Integrating a Retrieval-Augmented Generation (RAG) System Using Python and OpenAI

Question

Integrating a Retrieval-Augmented Generation (RAG) System Using Python and OpenAI

Michael Liang posted May 14 3 min read

Retrieval-Augmented Generation (RAG) is a powerful AI approach that combines retrieval-based systems with generative language models to produce more accurate, context-aware, and grounded responses. Rather than relying solely on the model’s training data, RAG fetches relevant documents or knowledge snippets from an external data source
In this article, we'll walk through how to build a simple RAG system using Python and OpenAI’s GPT models combined with a basic document retrieval technique.

What is a RAG System?

Retrieval: The system first searches a database of documents or
passages relevant to the user's query.
Augmentation: The retrieved content is passed as context to a large
language model (LLM).
Generation: The LLM generates a response conditioned on both the
query and the retrieved documents.

This approach helps improve factual accuracy and relevancy, especially in domains with up-to-date or domain-specific knowledge.

Step 1: Prepare Your Document Store

You need some textual data to retrieve from. For demonstration, let's say we have a small collection of documents stored as simple text snippets.

documents = [
    "Python is a high-level programming language known for its readability and versatility.",
    "OpenAI develops state-of-the-art AI models including GPT series.",
    "Retrieval-Augmented Generation combines retrieval and generative methods to improve 
answer accuracy.",
    "Vector databases can store document embeddings for efficient similarity search."
]

Step 2: Generate Embeddings for Documents

To retrieve relevant documents efficiently, we embed documents and queries into a vector space, then find the closest ones.

import numpy as np

def cosine_similarity(vec1, vec2):
    return np.dot(vec1, vec2) / (np.linalg.norm(vec1) * np.linalg.norm(vec2))

def retrieve_documents(query, document_embeddings, documents, top_k=1):
    query_embedding = get_embedding(query)
    similarities = [cosine_similarity(query_embedding, doc_emb) for doc_emb in document_embeddings]
    # Get indices of top_k most similar documents
    top_indices = np.argsort(similarities)[::-1][:top_k]
    return [documents[i] for i in top_indices]

# Example
query = "What is OpenAI?"
relevant_docs = retrieve_documents(query, document_embeddings, documents, top_k=2)
print("Relevant documents:", relevant_docs)

Step 4: Construct the Prompt for GPT

We now create a prompt that includes the retrieved documents as context, plus the user’s query.

def construct_prompt(documents, question):
    context = "\n\n".join(documents)
    prompt = (
        f"Use the following context to answer the question:\n{context}\n\n"
        f"Question: {question}\nAnswer:"
    )
    return prompt

prompt = construct_prompt(relevant_docs, query)
print(prompt)

Step 5: Generate an Answer Using OpenAI GPT

Now call OpenAI's chat or completion API to generate an answer based on this prompt.

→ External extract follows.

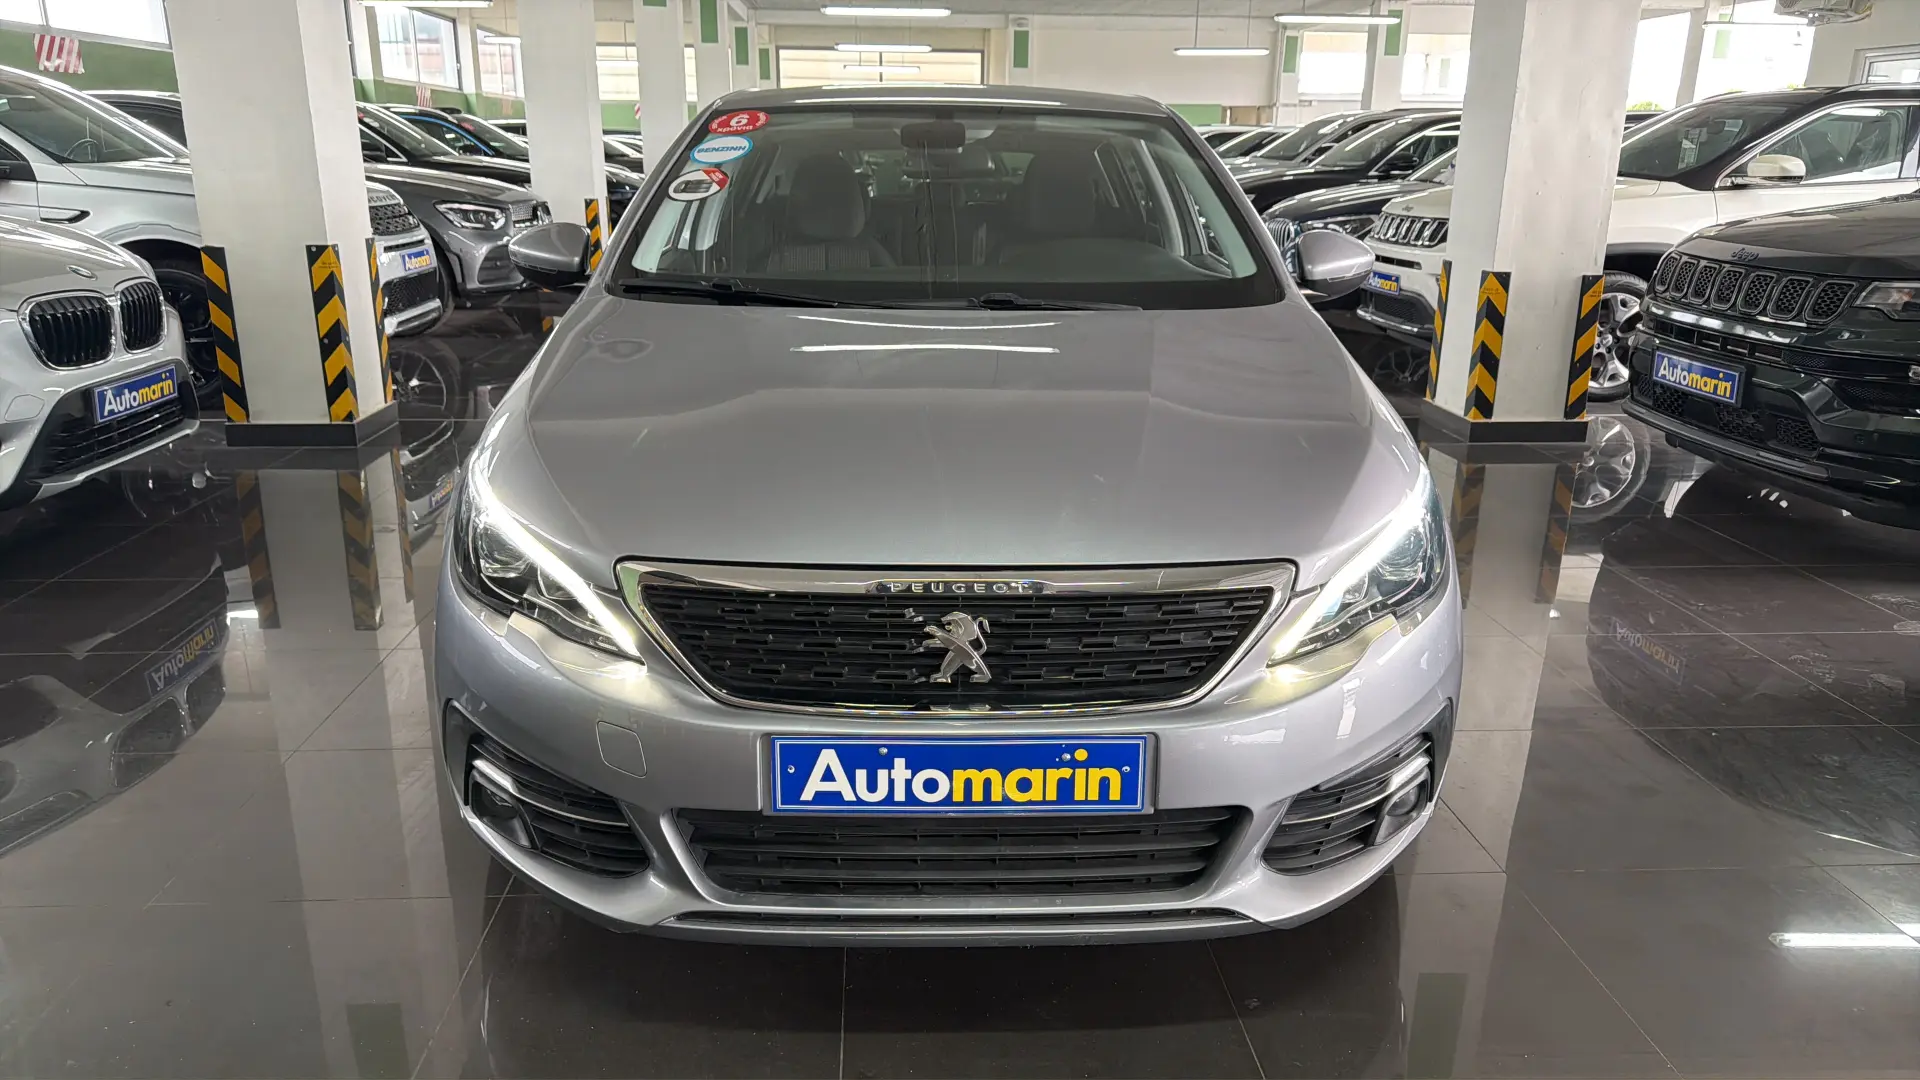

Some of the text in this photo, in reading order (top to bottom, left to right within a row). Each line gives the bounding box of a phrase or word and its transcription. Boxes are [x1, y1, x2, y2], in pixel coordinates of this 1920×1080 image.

def generate_answer(prompt, model="gpt-4o-mini", max_tokens=150):
    response = openai.ChatCompletion.create(
        model=model,
        messages=[{"role": "user", "content": prompt}],
        max_tokens=max_tokens,
        temperature=0.3,
    )
    return response['choices'][0]['message']['content'].strip()

answer = generate_answer(prompt)
print("Answer:", answer)

Putting It All Together

Here is a compact example that integrates all steps:

import openai
import numpy as np

openai.api_key = "YOUR_OPENAI_API_KEY"

documents = [
    "Python is a high-level programming language known for its readability and versatility.",
    "OpenAI develops state-of-the-art AI models including GPT series.",
    "Retrieval-Augmented Generation combines retrieval and generative methods to improve answer accuracy.",
    "Vector databases can store document embeddings for efficient similarity search."
]

def get_embedding(text, model="text-embedding-ada-002"):
    response = openai.Embedding.create(input=text, model=model)
    return response['data'][0]['embedding']

document_embeddings = [get_embedding(doc) for doc in documents]

def cosine_similarity(vec1, vec2):
    return np.dot(vec1, vec2) / (np.linalg.norm(vec1) * np.linalg.norm(vec2))

def retrieve_documents(query, document_embeddings, documents, top_k=2):
    query_embedding = get_embedding(query)
    similarities = [cosine_similarity(query_embedding, doc_emb) for doc_emb in document_embeddings]
    top_indices = np.argsort(similarities)[::-1][:top_k]
    return [documents[i] for i in top_indices]

def construct_prompt(documents, question):
    context = "\n\n".join(documents)
    return f"Use the following context to answer the question:\n{context}\n\nQuestion: {question}\nAnswer:"

def generate_answer(prompt, model="gpt-4o-mini", max_tokens=150):
    response = openai.ChatCompletion.create(
        model=model,
        messages=[{"role": "user", "content": prompt}],
        max_tokens=max_tokens,
        temperature=0.3,
    )
    return response['choices'][0]['message']['content'].strip()

# Example usage
query = "What is OpenAI?"
relevant_docs = retrieve_documents(query, document_embeddings, documents)
prompt = construct_prompt(relevant_docs, query)
answer = generate_answer(prompt)
print("Answer:", answer)

I hope this post will help you to build your RAG system!
Thanks

If you read this far, tweet to the author to show them you care. Tweet a Thanks

chevron_left

Ben Kiehl · Answer 1 · 2025-05-15T07:29:44+0000

Really helpful breakdown of building a simple RAG system — thanks for sharing this! Curious though, have you tried plugging this into a larger vector DB like Pinecone or Weaviate? Wondering how it scales with more complex datasets.

Michael Liang · Answer 2 · 2025-05-15T07:35:47+0000

Michael Liang • May 15

Thanks for your comment, I have tried Pinecone as a vector database for RAG system.
I didn't mention about vector database in this post because this is just simple example of RAG.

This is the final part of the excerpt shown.